Heer: Junge Menschen müssen Schule erleben als verlässlichen Ort, an dem sie gestärkt, gefördert und geschützt werden. Damit Fachkräfte an Schulen das auch ernsthaft sicherstellen können, muss man sich auf ein Miteinander einigen, das von einer gemein­samen Haltung getragen wird. Das ist nicht immer leicht, aber das darf nicht davon abhalten. Da Wissen immer die Grundlage ist, gehören auch Fortbildungen zwingend dazu. All diese Dinge wie Prävention, Beteiligung von Schülerinnen und Schülern, Haltungs­arbeit und Fort­bildungen sind Bausteine des Schutz­konzeptes gegen (sexualisierte) Gewalt, welches verlässliche Strukturen verankert.

Noch nicht alle Schulen in Deutschland haben ein solches Konzept. Was sind die größten Herausforderungen?

Heer: Die Arbeitsbelastung ist sehr hoch. Was viele Lehrkräfte so formulieren: „Was soll ich denn noch alles machen? Ich bin nicht in der Sozialarbeit tätig, ich will unter­richten, komme dazu aber kaum noch.“ Dahinter stecken oftmals Frust und Unsicherheit. Beide Gefühle sind schlechte Ratgeber, wenn es darum geht, im Falle einer Kindeswohl­gefährdung handlungs­fähig zu sein. Ein Schutzkonzept kann langfristig entlasten.

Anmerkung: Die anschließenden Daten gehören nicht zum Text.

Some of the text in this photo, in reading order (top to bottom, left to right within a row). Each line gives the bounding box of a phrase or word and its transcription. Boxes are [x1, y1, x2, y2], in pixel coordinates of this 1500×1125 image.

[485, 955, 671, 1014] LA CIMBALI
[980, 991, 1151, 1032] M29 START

Welchen ersten Schritt kann jede Schule direkt machen, hin zu einer Konzeptentwicklung?

Heer: Ein Anfang könnte etwa die kostenfreie Online-Fortbildung „Was ist los mit Jaron?“ für Lehrkräfte sein, die in Form eines interaktiven Computerspiels Zahlen und Fakten zu sexualisierter Gewalt, Täter­dynamiken und Handlungs­strategien im Verdachtsfall vermittelt. Da die Arbeit am Schutzkonzept nicht in jedem Schritt vom Gesamtkollegium geleistet wird, gilt es, eine Steuer­gruppe zu gründen. Diese Gruppe initiiert die jeweils nächsten Schritte im Prozess der Entwicklung und behält im Blick, wie und wann das Gesamtteam, Schülerinnen und Schüler sowie Eltern einbezogen werden. Schließlich muss das Schutz­konzept von der gesamten Schul­gemeinschaft getragen und gelebt werden.

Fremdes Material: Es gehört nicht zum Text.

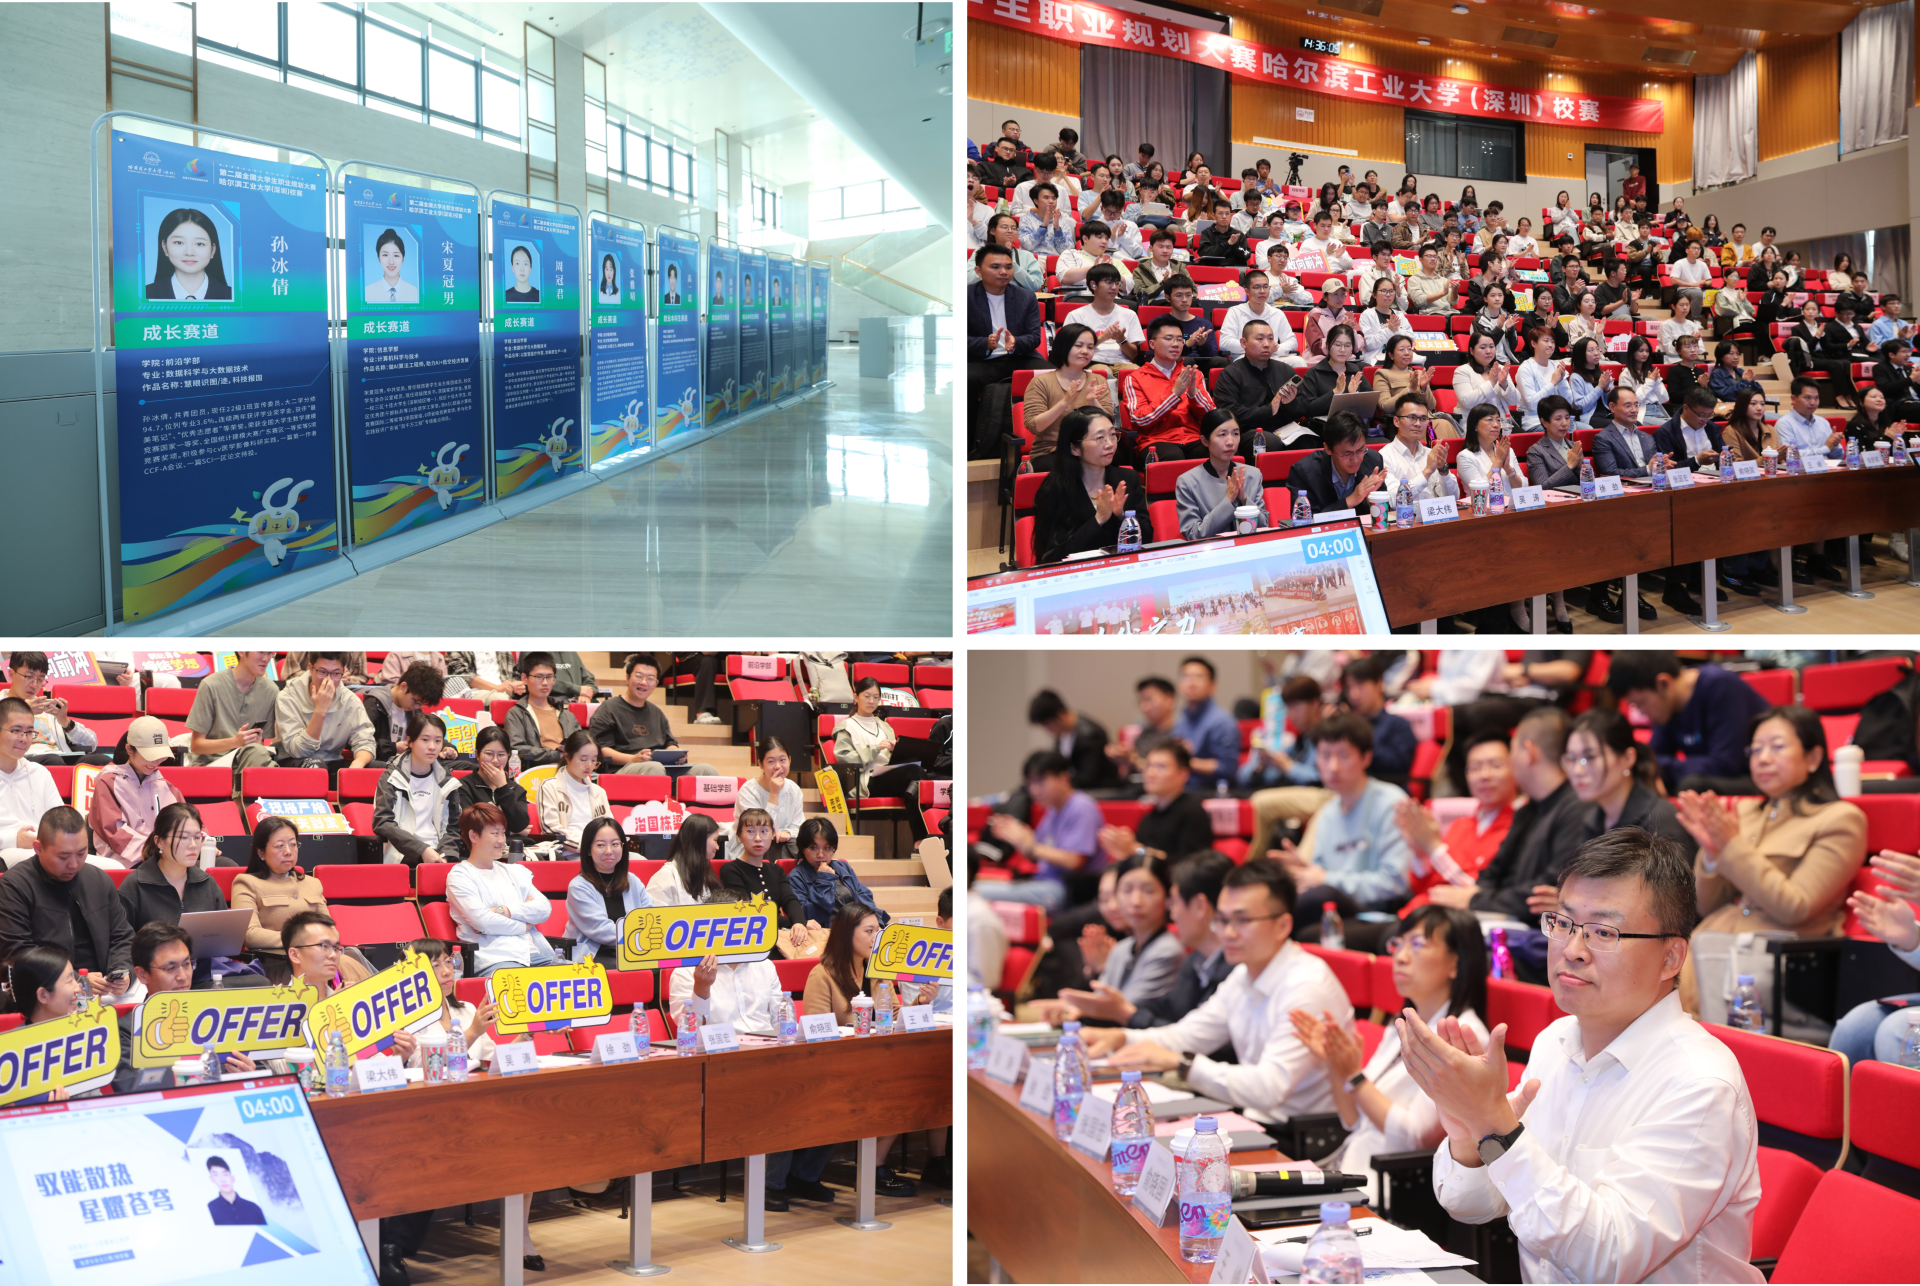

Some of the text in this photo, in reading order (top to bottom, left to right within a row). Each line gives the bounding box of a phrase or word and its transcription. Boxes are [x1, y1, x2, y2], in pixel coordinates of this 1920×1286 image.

[968, 0, 1600, 123] 生职业规划大赛哈尔滨工业大学（深圳）校赛
[219, 168, 317, 191] 第二届全国大学生职业规划大赛
[270, 236, 289, 297] 孙冰倩
[441, 240, 455, 306] 宋夏冠男
[1287, 254, 1324, 270] 敢向前冲
[142, 324, 219, 342] 成长赛道
[363, 320, 410, 334] 成长赛道
[504, 317, 535, 328] 成长赛道
[1427, 503, 1453, 517] 梁大伟
[1306, 537, 1355, 560] 04:00
[747, 661, 772, 670] 前沿学部
[446, 723, 478, 743] 再创
[703, 783, 732, 793] 基础学部
[267, 799, 328, 815] 规格严格
[289, 816, 340, 831] 夫到家
[665, 915, 769, 952] OFFER
[905, 939, 953, 972] OFF
[351, 969, 433, 1039] OFFER
[526, 977, 603, 1014] OFFER
[190, 1002, 308, 1046] OFFER
[0, 1026, 109, 1095] OFFER
[365, 1067, 399, 1083] 梁大伟
[241, 1095, 296, 1119] 04:00
[34, 1162, 134, 1198] 驭能散热
[78, 1188, 175, 1225] 星耀苍穹

Ein Schutzkonzept zu erarbeiten ist für Schulen ein essenzieller Baustein für mehr Sicherheit – ein Rettungsreifen, wie hier auf dem Bild dargestellt.
Verschiedene Instrumente kommen in den Gesprächen zum Einsatz, um den Kindern zu ermöglichen, ihre Gefühlswelt auszudrücken.

Als Mitglied eines kommunalen Arbeitskreises in Mülheim an der Ruhr entwickelten Sie mit Akteurinnen und Akteuren aus dem Schulumfeld pädagogische Fach­tage zu sexualisierter Gewalt und Schutzkonzepten. Worum ging es da?

Heer: Als klar war, dass alle Schulen in NRW verpflichtet sind, ein Schutzkonzept gegen sexualisierte Gewalt zu ent­wickeln, wollten wir die Aktivitäten in Mülheim an der Ruhr bündeln. Gemeinsam mit der Schulaufsicht, verschiedenen Schulleitungen und Schulsozial­arbeiterinnen, Fachkräften aus dem Bildungsbüro und Mitarbeiter­innen der regionalen Schulberatungs­stelle konzipierten wir Fachtage für alle Mülheimer Grund-, Förder- und Hauptschulen. Den Auftakt an diesen pädagogischen Ganztagen bildeten Vorträge mit Basiswissen zu sexuali­sierter Gewalt und den Bausteinen des Schutzkonzepts. Im zweiten Teil konnten dann die Kollegien anhand von Arbeits­aufträgen an ihren Standorten direkt mit der Umsetzung beginnen. Da diese Arbeit so erfolgreich war, konnten wir dieses Konzept nun auch auf die weiterführenden Schulen übertragen. Insgesamt ist das also ein starkes Zeichen der Mülheimer Schulen, sich gemeinsam für den Schutz von Kindern und Jugendlichen einzusetzen.

Was wünschen Sie sich für den Kinderschutz in Deutschland?

Heer: Wir brauchen mehr niedrig­schwellige Beratungs­angebote, Therapieplätze und Fachkräfte in Schulen. Kinder und Jugendliche müssen ernst genommen und gehört werden – in Politik und Gesellschaft. Wären Kinder­rechte nicht nur eine ratifizierte Kon­vention, sondern Gesetz, würde das den Kinderschutz in Deutschland erheblich stärken.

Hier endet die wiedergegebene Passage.